Climbing 1,253-foot Mount Sabattus in Lovell, Maine, is always a pleasant half-day excursion. On the summit is a great south-facing clifftop view. If I lived nearby, it would be a place I would go all the time to witness New England weather, and with the blessing bestowed on all addicted hikers, get some exercise as well.
I was lucky enough to climb it soon after the 1998 ice storm on a magical day. The sun was sporadically reappearing in the morning a couple days after the storm. I started up the right-hand loop trail beneath clouds, as ice crashed with startling suddenness from scattered trees. As I approached the top, the sun came out, and light shone through the crystal forest. I stepped out onto the summit ledges to a white undercast below and a blue sky above, with nearby ice laden trees. Then the clouds slammed shut again for the rest of my time there.
On a sunny afternoon last Sunday, I climbed Mount Sabattus with my grandson, Ridley, and his uncle, Isaac White of Fryeburg, Maine. It was a fun family outing.
Mount Sabattus has its stories. It was named for the Indian Sabattus who had a hunting camp on its slopes. Legend suggests that he killed a mountain lion there, just as it sprang on him.
Sabattus was born in St. Francis, Canada, and with the influence of French missionaries, was named for St. John the Baptist, shortened to Sabattus. When Roger's Rangers destroyed St. Francis in 1759, Sabattus was about 10 years old. He was kidnapped and went south with the rangers. Later, he went to Fryeburg with one of them, and spent the rest of his life in the area.
Sabbatus had two children with the well-known area healer, Molly Ockett. In 1783, an earlier wife of his returned from a long trip to Canada, and claimed to be his spouse. To settle the dispute, Sabattus took them to the house of Mr. Wiley in Fryeburg so there would be a witness, and the two women fought, "hair and cloth flying everywhere." Mrs. St. Francis, as Molly Ockett called the former wife, was stronger and won out. Molly Ockett left and moved to Andover, Maine.
Sabattus' hunting camp on the mountain in Lovell likely doubled as a base for acquiring game, and a temporary refuge from domestic travails.
In much more recent times, much of Mount Sabattus was purchased by the Maine Bureau of Parks and Lands. The trails are maintained by the Greater Lovell Land Trust. Up on the summit ledges, there are two metal personal memorial benches facing the view, and a small memorial photo and inscription affixed to the foundation of the old fire tower, now gone. The MBPL gave permission for these to be put there, though permission for more is unlikely.

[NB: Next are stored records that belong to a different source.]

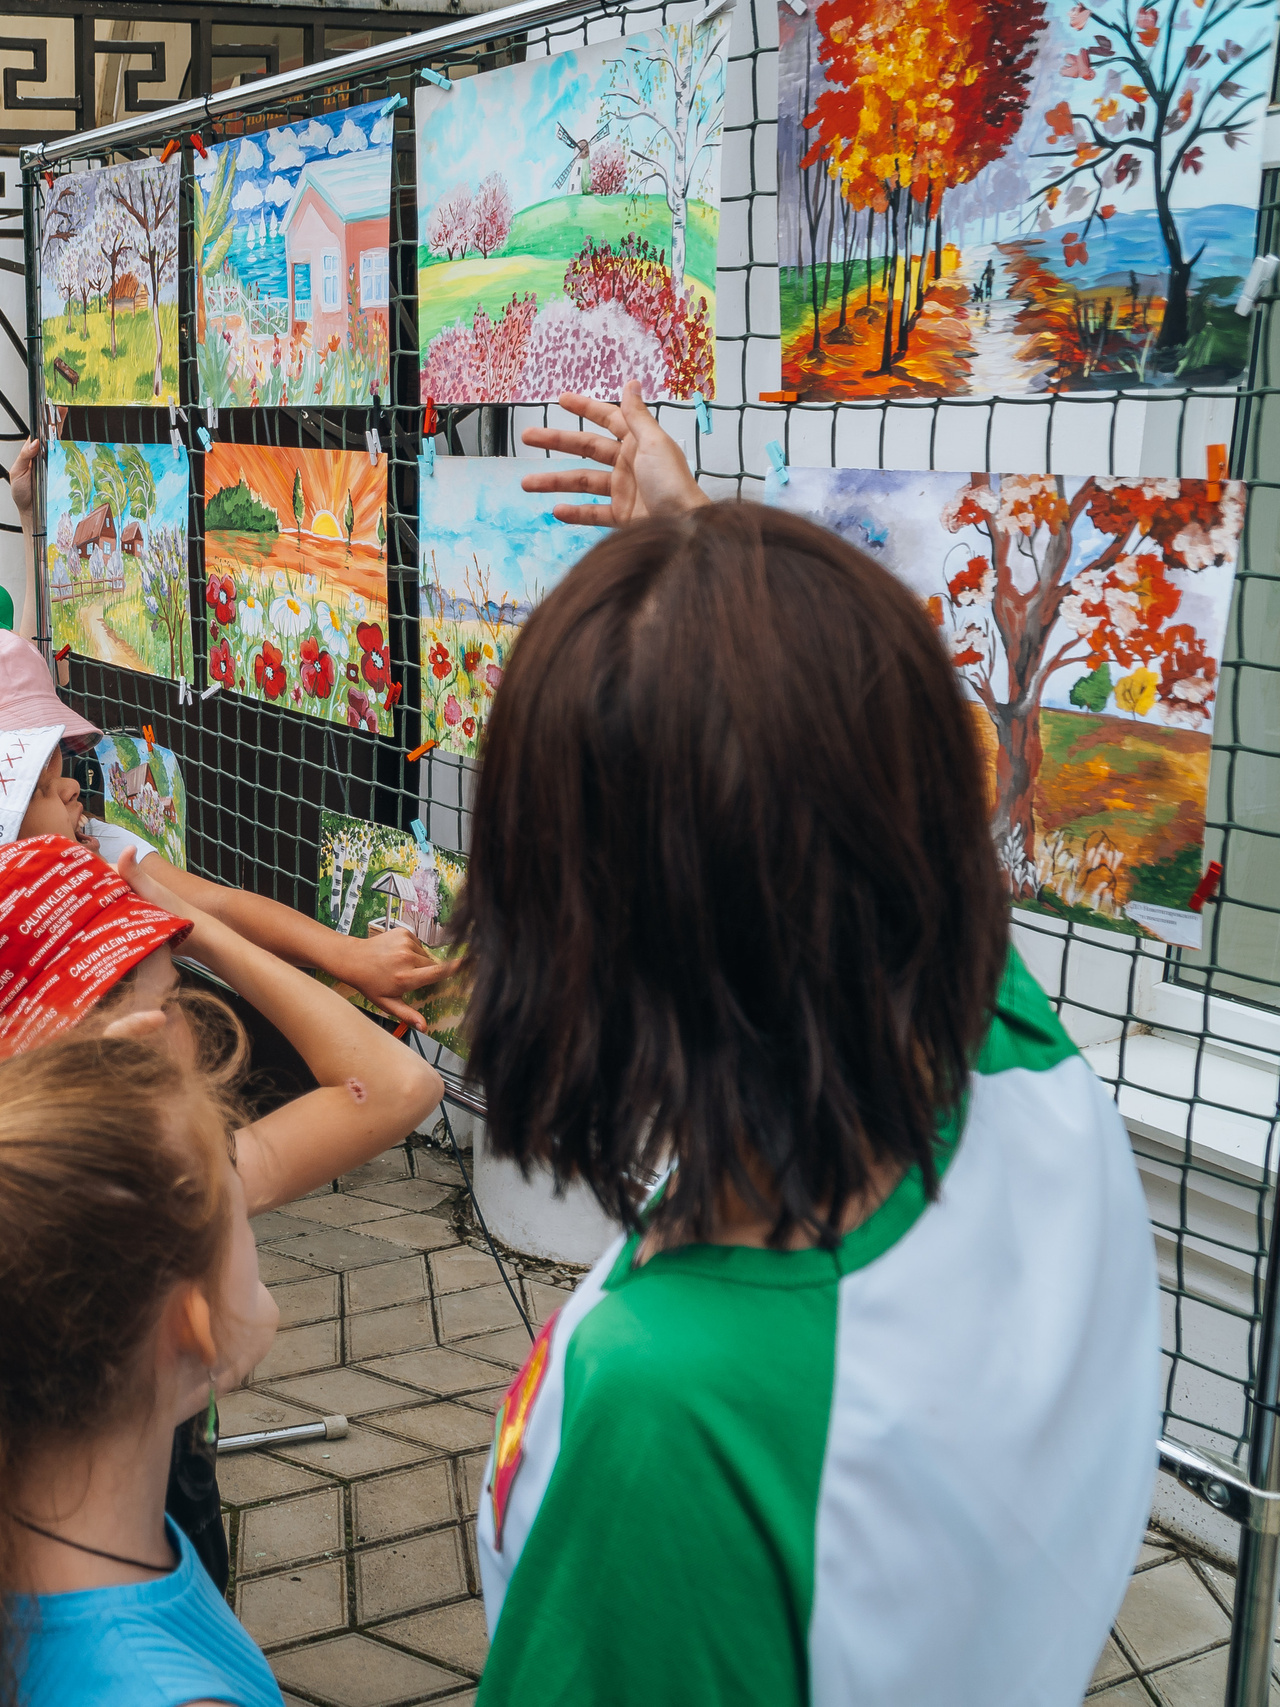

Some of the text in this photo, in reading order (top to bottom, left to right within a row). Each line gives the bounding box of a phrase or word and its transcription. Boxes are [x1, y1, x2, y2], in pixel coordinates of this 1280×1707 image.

[24, 862, 65, 898] CALVIN KLEIN JEANS
[19, 902, 51, 934] CALVIN
[46, 883, 73, 907] KLEIN
[68, 869, 93, 888] JEANS
[33, 918, 52, 938] CALVIN
[49, 906, 64, 922] KLEIN
[62, 894, 78, 910] JEANS
[49, 893, 93, 934] CALVIN KLEIN JEANS
[29, 947, 47, 966] CALVIN
[44, 934, 59, 950] KLEIN
[57, 920, 73, 937] JEANS
[81, 929, 100, 942] CALVIN
[97, 923, 114, 933] KLEIN
[112, 917, 129, 926] JEANS
[70, 950, 101, 977] CALVIN
[98, 936, 127, 954] KLEIN
[126, 926, 156, 942] JEANS
[81, 945, 129, 981] CALVIN KLEIN JEANS
[95, 946, 145, 977] CALVIN KLEIN JEANS
[3, 989, 17, 1003] KLEIN
[14, 977, 28, 993] JEANS
[45, 974, 60, 989] JEANS
[73, 967, 117, 1008] CALVIN KLEIN JEANS
[36, 1007, 58, 1032] JEANS
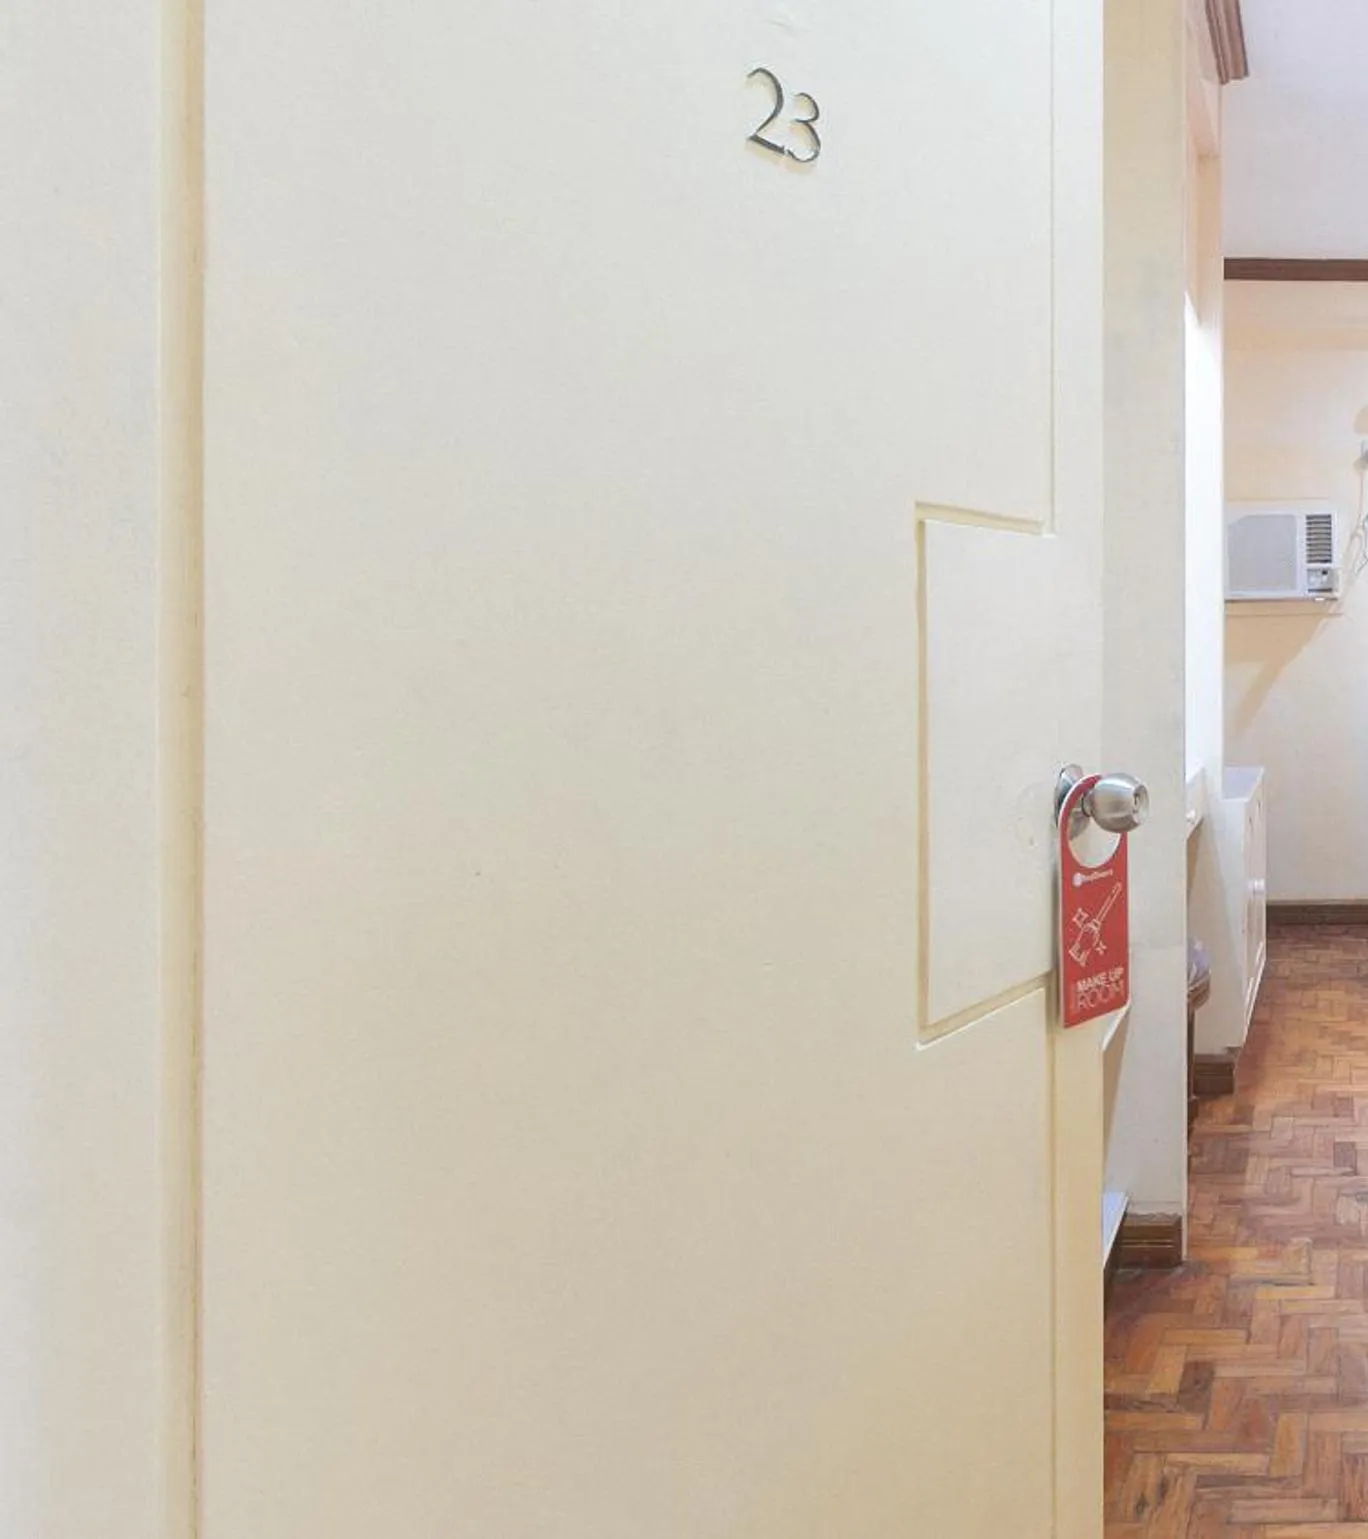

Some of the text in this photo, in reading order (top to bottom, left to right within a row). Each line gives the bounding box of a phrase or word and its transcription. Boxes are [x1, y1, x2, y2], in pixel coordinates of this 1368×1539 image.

[747, 67, 821, 163] 23
[1077, 967, 1124, 992] MAKE UP
[1077, 979, 1124, 1011] ROOM

The complete loop hike on the mountain is only 1.6 miles long.
Last Sunday afternoon, the three of us left Fryeburg and headed out Route 5 towards Lovell, passing through that town and in 3.8 miles further, reached the Center Lovell Store on the right. In another 0.7 miles we turned right on Sabattus Road. In a little over a mile, we bore right and uphill on the dirt Sabattus Trail Road. In another .7 miles, we turned right into the well-marked and fairly new parking lot for the Sabattus Mountain Trail.
I am a creature of trail habits, and once on the trail, we soon bore right at a loop junction and went up the western loop to the top. It is an easy-to-moderate hike, and in quick time we were there, and walked down to the right to sit in the sun on open ledge and bask in the southern view, which spread from east to west. It would take another column to adequately describe this view, which spreads from beyond Sweden in the east to Kezar Lake and beyond in the west.
We then walked back along the top to the east loop. In a few hundred feet, we came to a distinctive giant milky quartz ledge. I know of no other quite like it in the mountains. The trail took a left from there, and we descended the mountain through shady moist woods.
Later we stopped at the Weston's Bridge beach on the Saco River in Fryeburg to wash off the sweat. The current was swift and the water was chilly, a perfect combination for renewal after a hike.